I arrived home at 2am, throat sore from talking so much for four days straight, lips parched from the dryness of the desert climate, and eyes half-closed from the lack of sleep in Las Vegas and on the flights there and back. I forget how hard it is to deflate from the TAM experience until I am back home and slowly adjusting back to things routine and familiar.
In the airport on Sunday, Jay was asking us (Steve, Bob, me) for our favorite moments from this year’s TAM. I can’t quite recall what I said at the time, and I’m not sure I even answered the question (I was really half-out of it, exhaustion is sometimes otherwise hard to quantify.)
Now that I am home and acclimating to my day to day happenings again, I can answer Jay with the same statement I made to each and every attendee whom I had the pleasure of speaking with at TAM.

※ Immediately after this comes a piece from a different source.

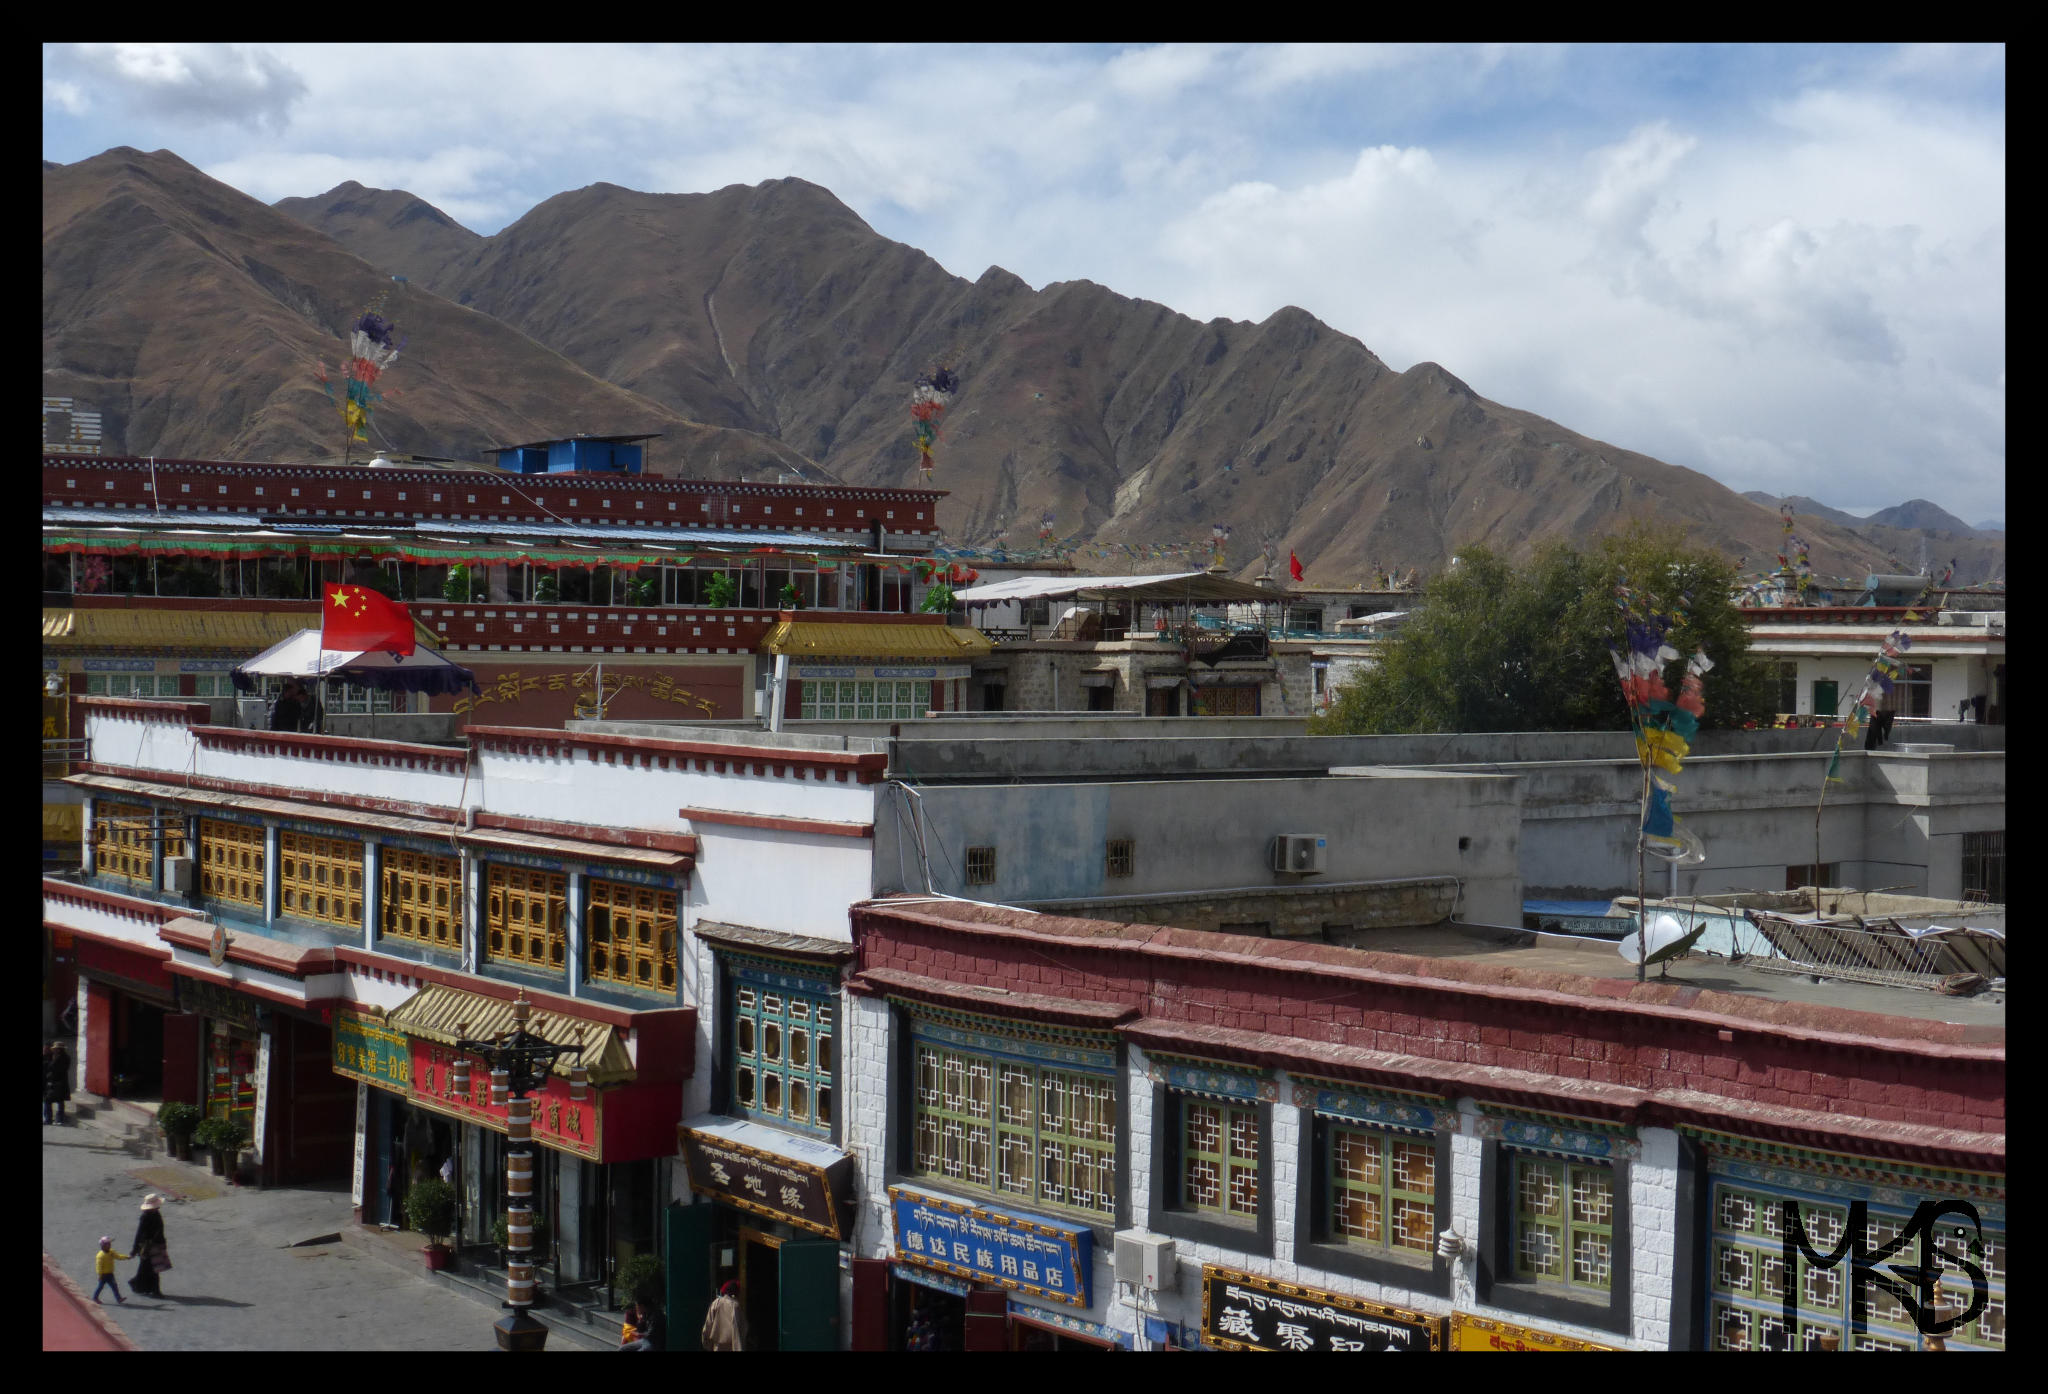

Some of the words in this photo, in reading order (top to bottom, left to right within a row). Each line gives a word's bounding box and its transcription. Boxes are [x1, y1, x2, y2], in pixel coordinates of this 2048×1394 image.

[710, 1162, 805, 1210] 圣地缘
[906, 1230, 1063, 1288] 德达民族用品店
[1219, 1307, 1402, 1351] 藏聚印
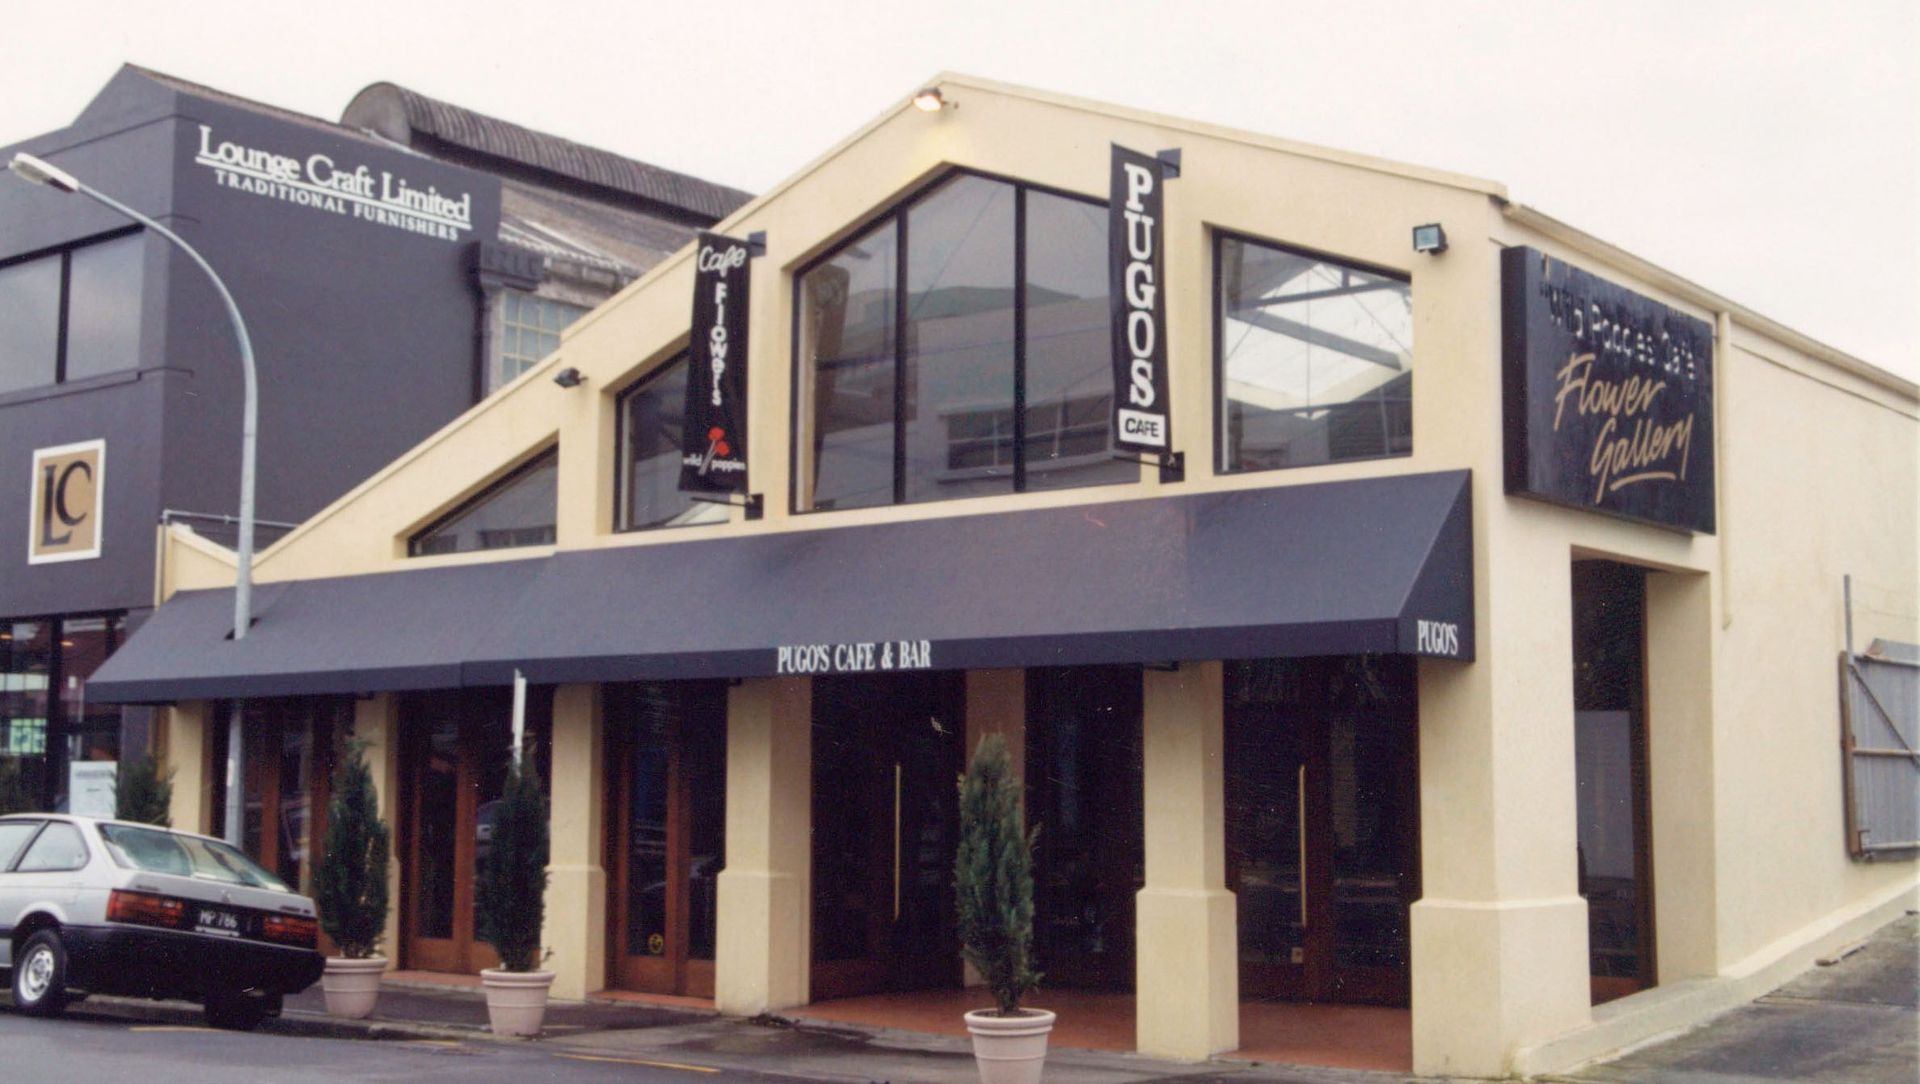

The synergy between the audience and the speakers (not just the SGU – all the presenters) was incomparable to any other TAM. There were 1652 registered attendees (a new record), and for half of the audience, this was their first TAM. Wow, did it show!
During our prime-time stage appearance on Saturday afternoon from 2:30pm to 3:30pm, I had very little official “business” to do on stage (which is unique, I always have to prep at least one news item and/or a “This Day In Science and Skepticism”.) All I really had to do was tell a really bad science joke (mission accomplished), partake in “Science or Fiction”, and throw in my impromptu little quips and observations into the casual conversations.
This afforded me time to “kick back” and sort of take in the moment, so I spent much of that time not only to listening to my cohorts crack me up (if you were there, you know what I’m talking about), but I also watched and listened to the audience with more attention than I am usually afforded.
This TAM audience was attentive (laughs at appropriate times and levels – and applause as the presenters would come to expect), courteous (they did not let non-TAM related issues influence the mood of the conference), and patient (as technical difficulties naturally arise in these kinds of events.)
The audience was engaging. Their participation in games and contests (such as the SGU’s ‘Science or Fiction’ and Rebecca’s patented game show) was great fun. Their well-constructed questions were a relief to everyone – audience and presenters alike. They were responsive to instructions (due in no small part to the leadership skills of emcee George Hrab) and they were friendly to each other (as I understand it, Prilosec saved one pour soul’s very public battle with heartburn.)
When you combine this with the fact that we had the chance to sit down and conduct interviews with the greatest presenters at this TAM, you can see why this this TAM was a special event for all the Rogues.
A few specific names that must be known to the world: Mike Lacelle, Jocelyn Novella, Cortney Bergin, and Doug Sobon. These outstanding friends and family (really one in the same from my perspective) allowed us to perform and enjoy the conference to the extents we did. If you ever run in to them at a TAM or any other SGU event, please be sure to give them a big thank you.
So a huge THANK YOU to all of the TAM attendees. I can hardly wait for TAM 10!